A robust multivariate linear non-parametric maximum likelihood model for ties

Statistical analysis in applied research, across almost every field (e.g., biomedical, economics, computer science, and psychological) makes use of samples upon which the explicit error distribution of the dependent variable is unknown or, at best, difficult to linearly model. Yet, these assumptions are extremely common. Unknown distributions are of course biased when incorrectly specified, compromising the generalisability of our interpretations -- the linearly unbiased Euclidean distance is very difficult to correctly identify upon finite samples and therefore results in an estimator which is neither unbiased nor maximally informative when incorrectly applied.
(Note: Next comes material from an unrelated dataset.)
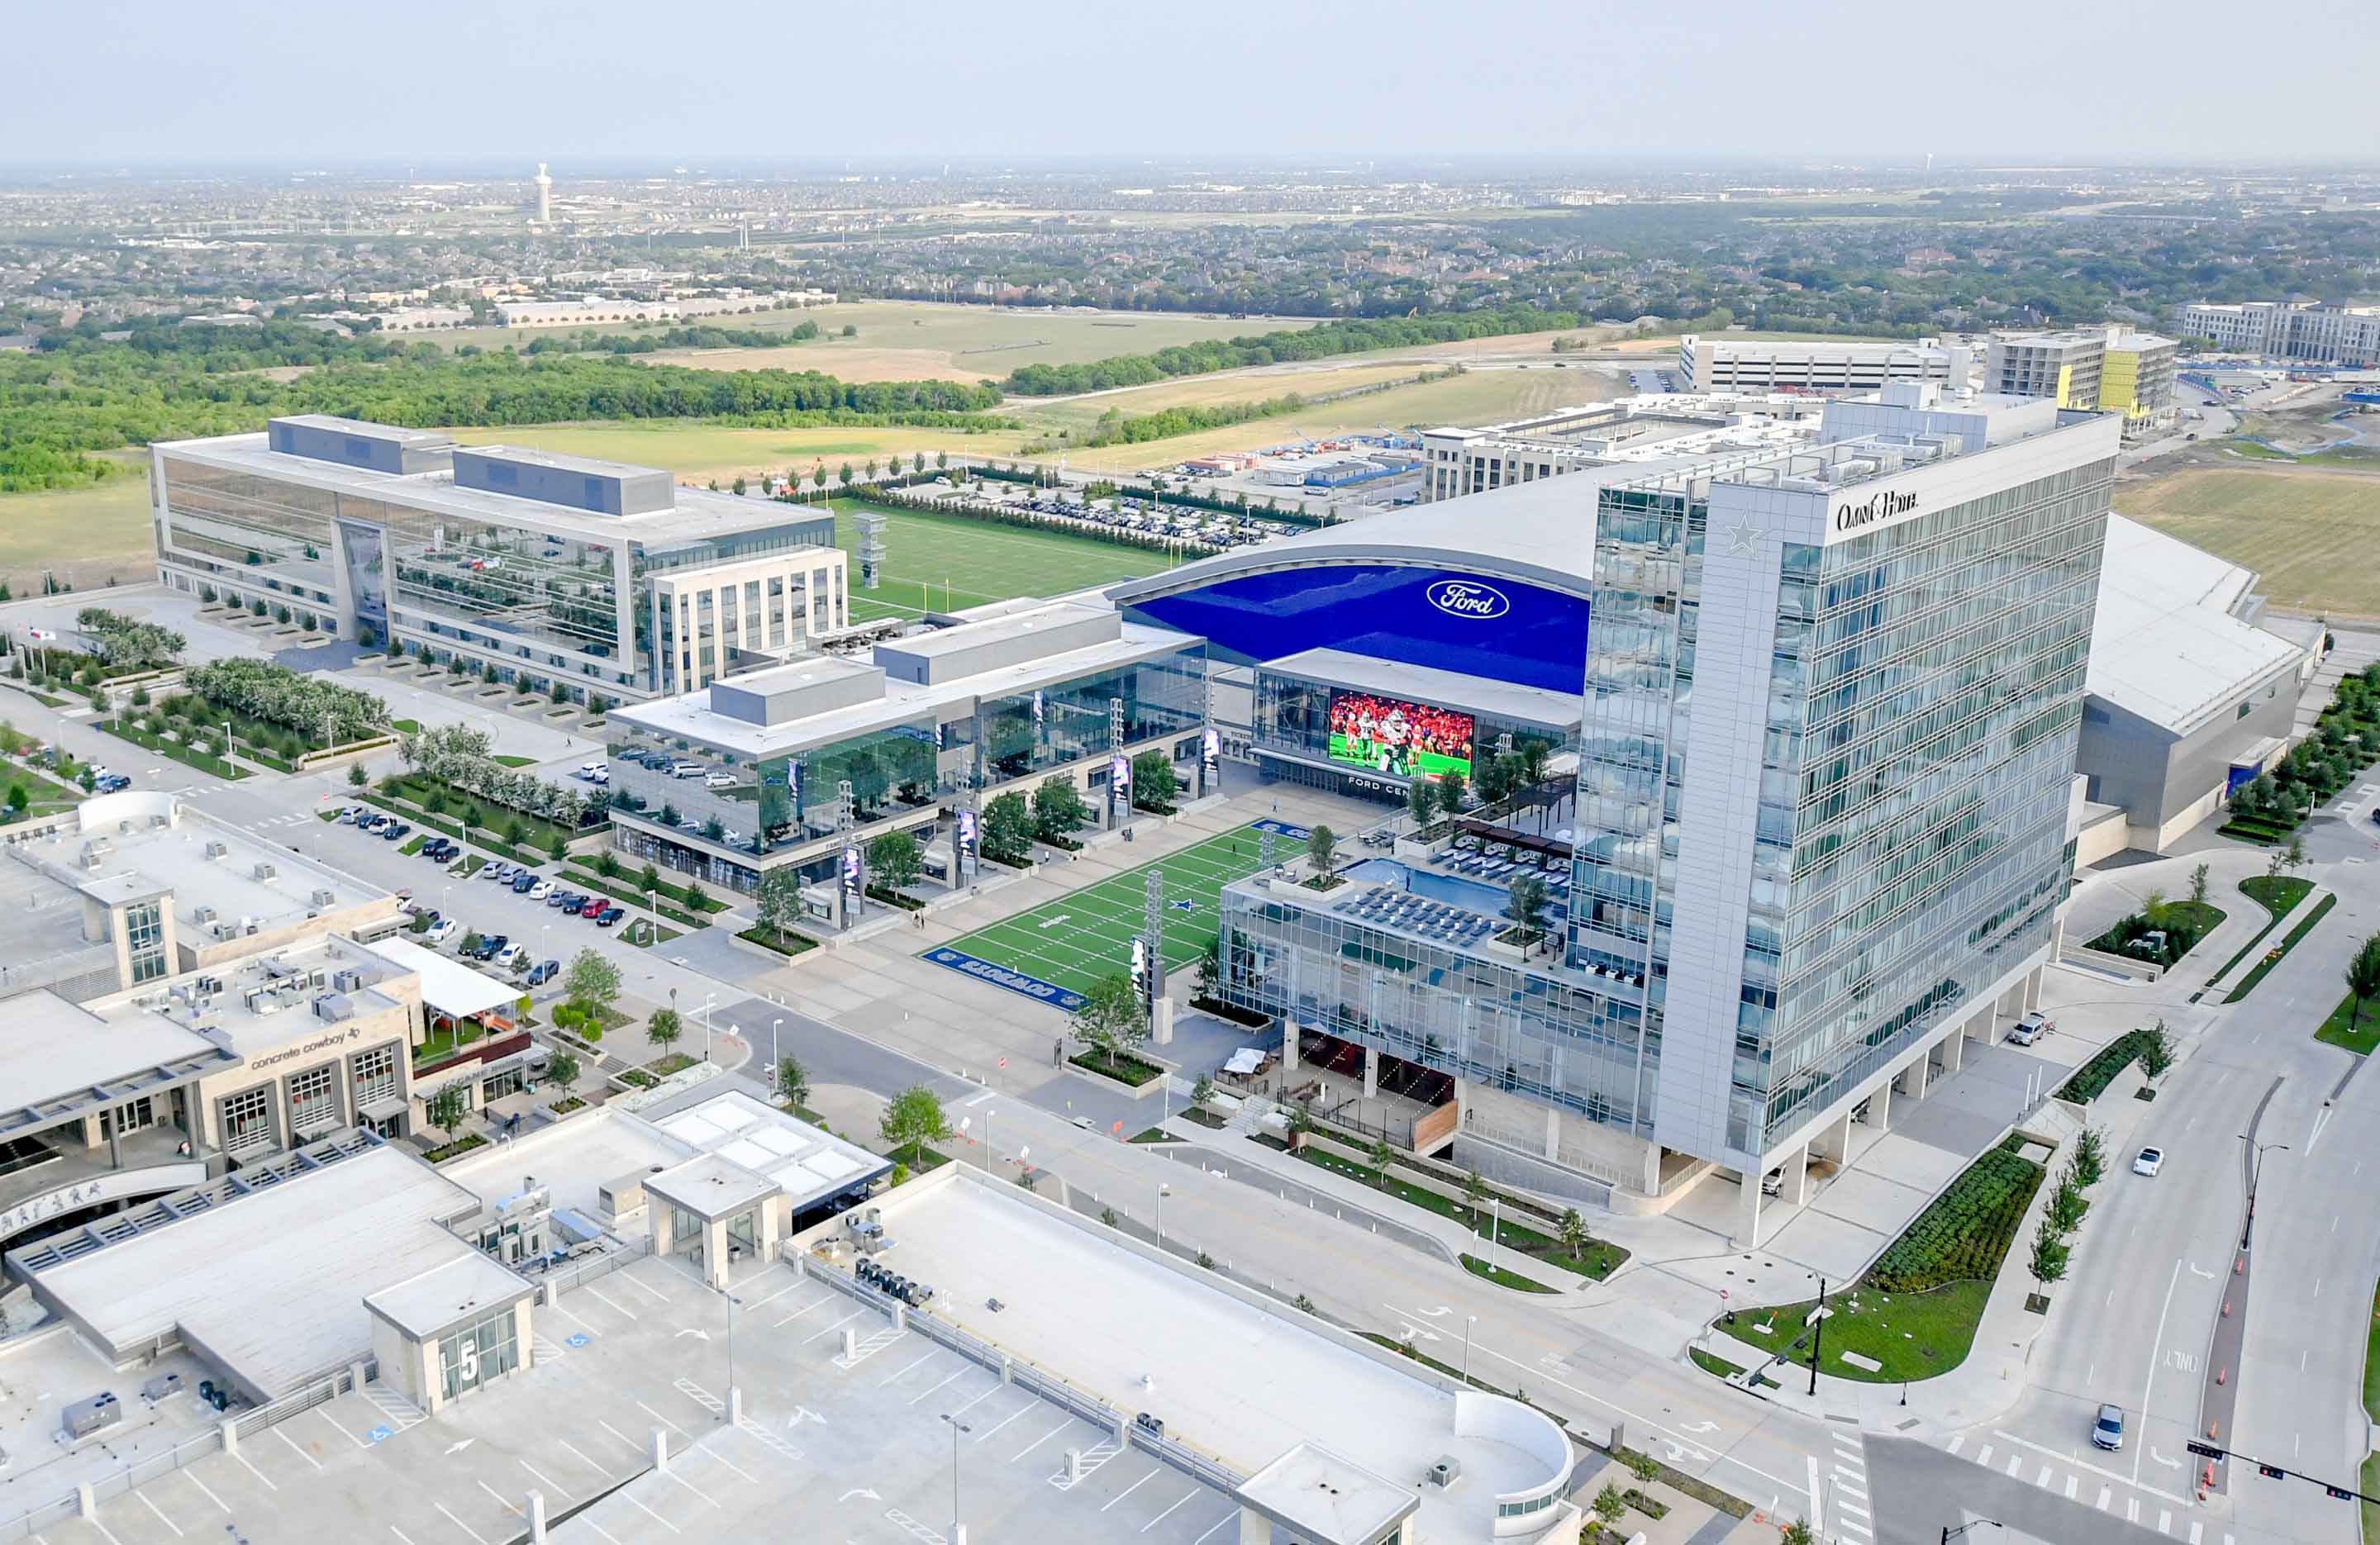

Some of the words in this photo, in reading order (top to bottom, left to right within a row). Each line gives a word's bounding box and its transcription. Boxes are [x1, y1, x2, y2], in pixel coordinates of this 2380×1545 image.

The alternative common solution to the problem however, the use of non-parametric statistics, has its own fundamental flaws. In particular, these flaws revolve around the problem of order-statistics and the estimation in the presence of ties, which often removes the introduction of multiple independent variables and the estimation of interactions. We introduce a competitor to the Euclidean norm, the Kemeny norm, which we prove to be a valid Banach space, and construct a multivariate linear expansion of the Kendall-Theil-Sen estimator, which performs without compromising the parameter space extensibility, and establish its linear maximum likelihood properties. Empirical demonstrations upon both simulated and empirical data shall be used to demonstrate these properties, such that the new estimator is nearly equivalent in power for the glm upon Gaussian data, but grossly superior for a vast array of analytic scenarios, including finite ordinal sum-score analysis, thereby aiding in the resolution of replication in the Applied Sciences.